▶ **Data provided**
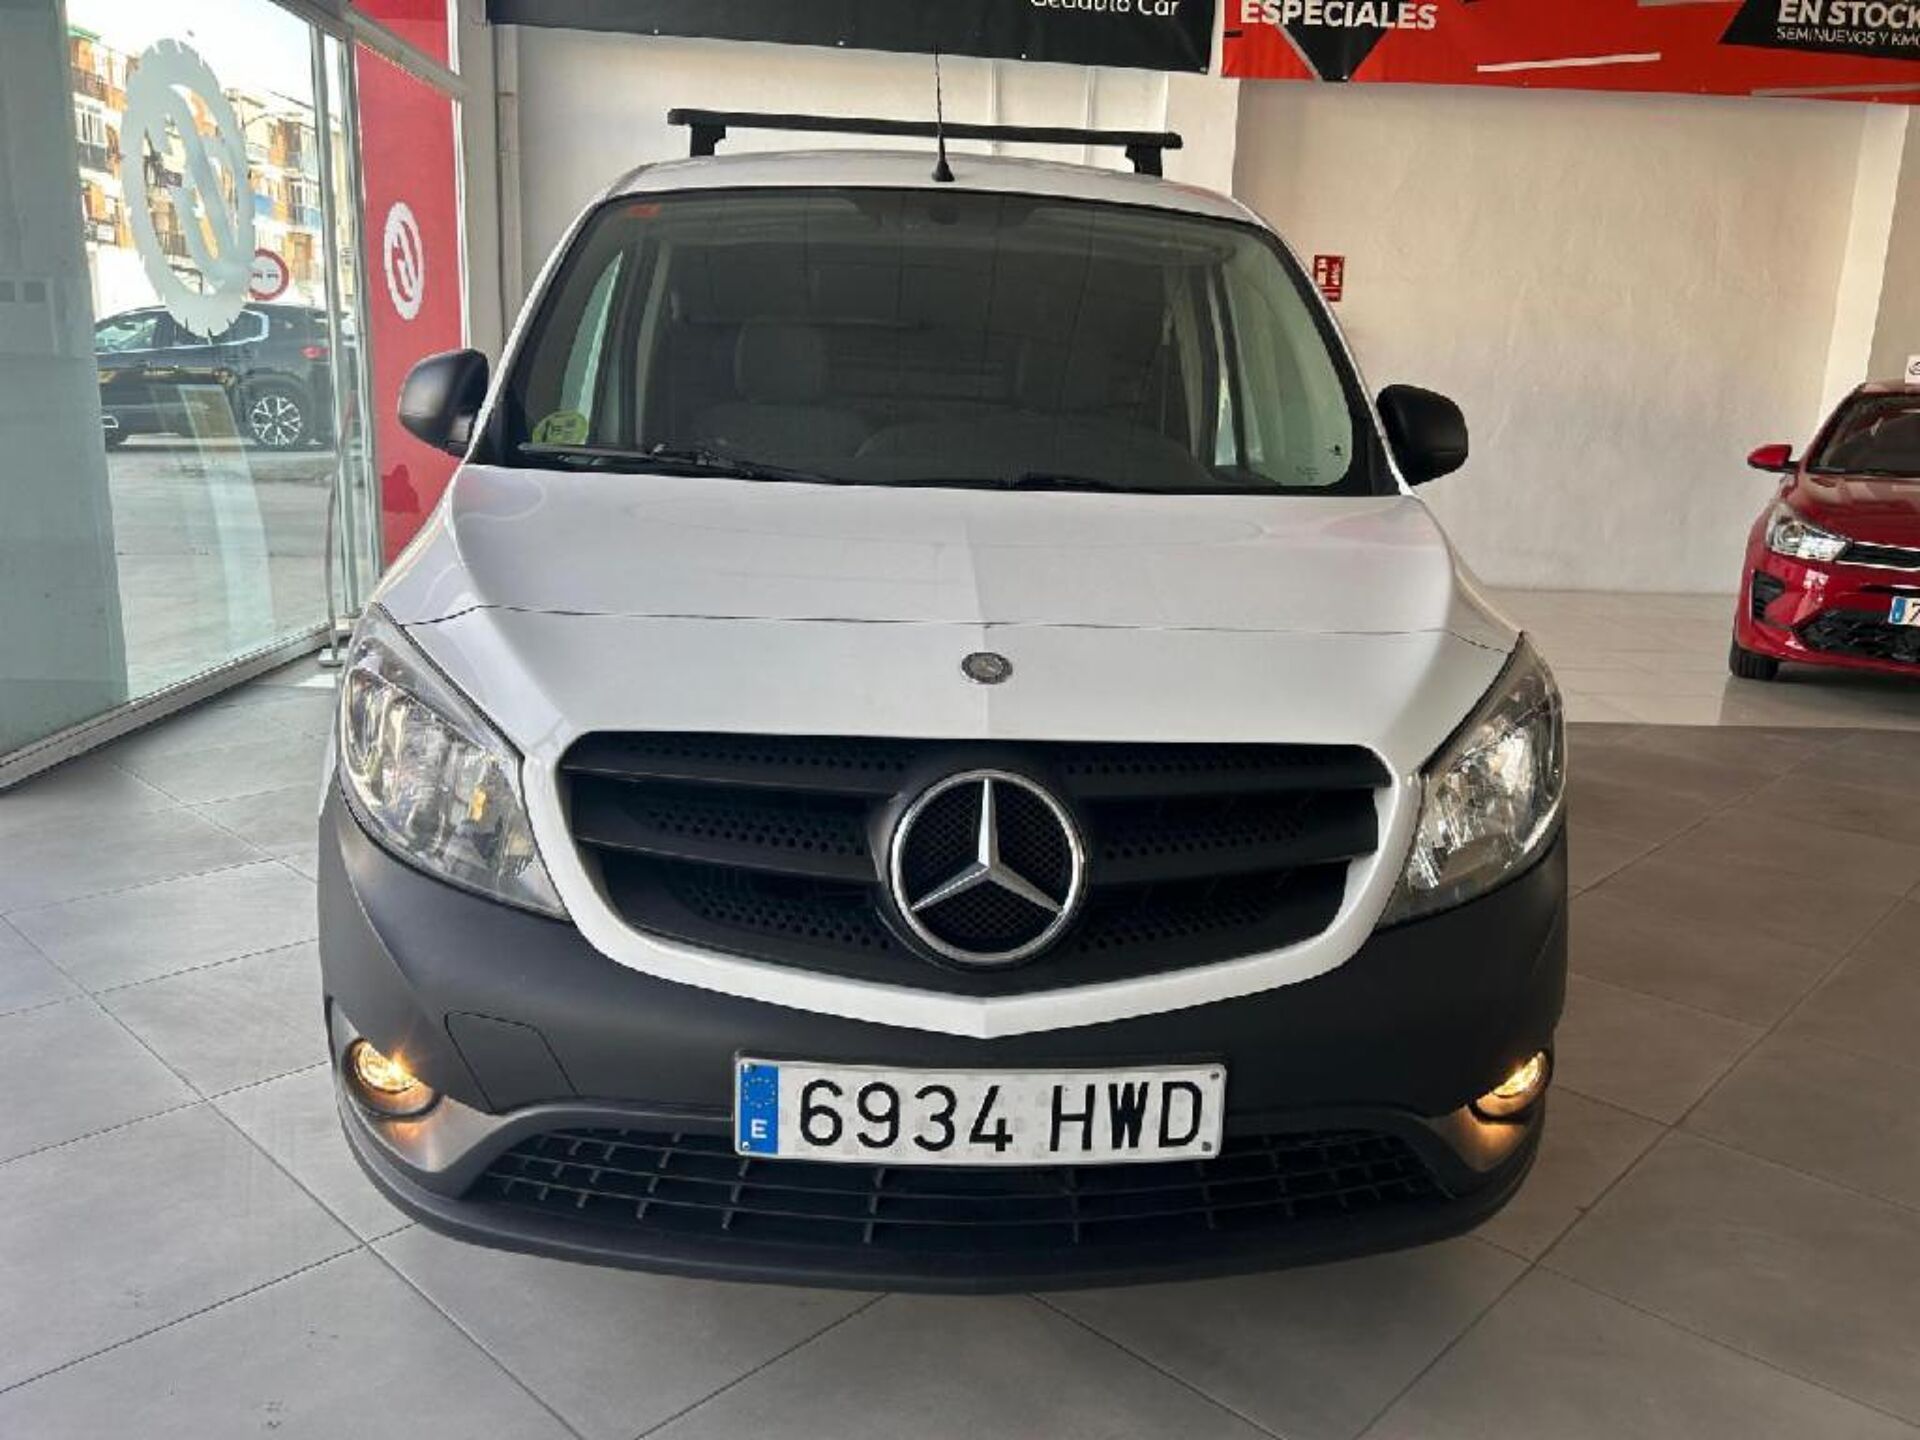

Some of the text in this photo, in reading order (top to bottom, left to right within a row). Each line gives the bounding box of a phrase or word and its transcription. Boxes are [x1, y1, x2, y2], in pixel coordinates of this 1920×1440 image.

[1138, 0, 1180, 16] Car
[1240, 0, 1439, 31] ESPECIALES
[1777, 0, 1920, 30] EN STOCK
[1776, 26, 1876, 46] SEMINUEVOS
[1879, 31, 1889, 45] Y
[751, 1078, 1203, 1153] E 6934 HWD

▶ **Exercise requirements**
The expected output is every line of the data, unchanged, with the pictures skipped.

▶ **Result for this exercise**
Some of the text in this photo, in reading order (top to bottom, left to right within a row). Each line gives the bounding box of a phrase or word and its transcription. Boxes are [x1, y1, x2, y2], in pixel coordinates of this 1920×1440 image.

[1138, 0, 1180, 16] Car
[1240, 0, 1439, 31] ESPECIALES
[1777, 0, 1920, 30] EN STOCK
[1776, 26, 1876, 46] SEMINUEVOS
[1879, 31, 1889, 45] Y
[751, 1078, 1203, 1153] E 6934 HWD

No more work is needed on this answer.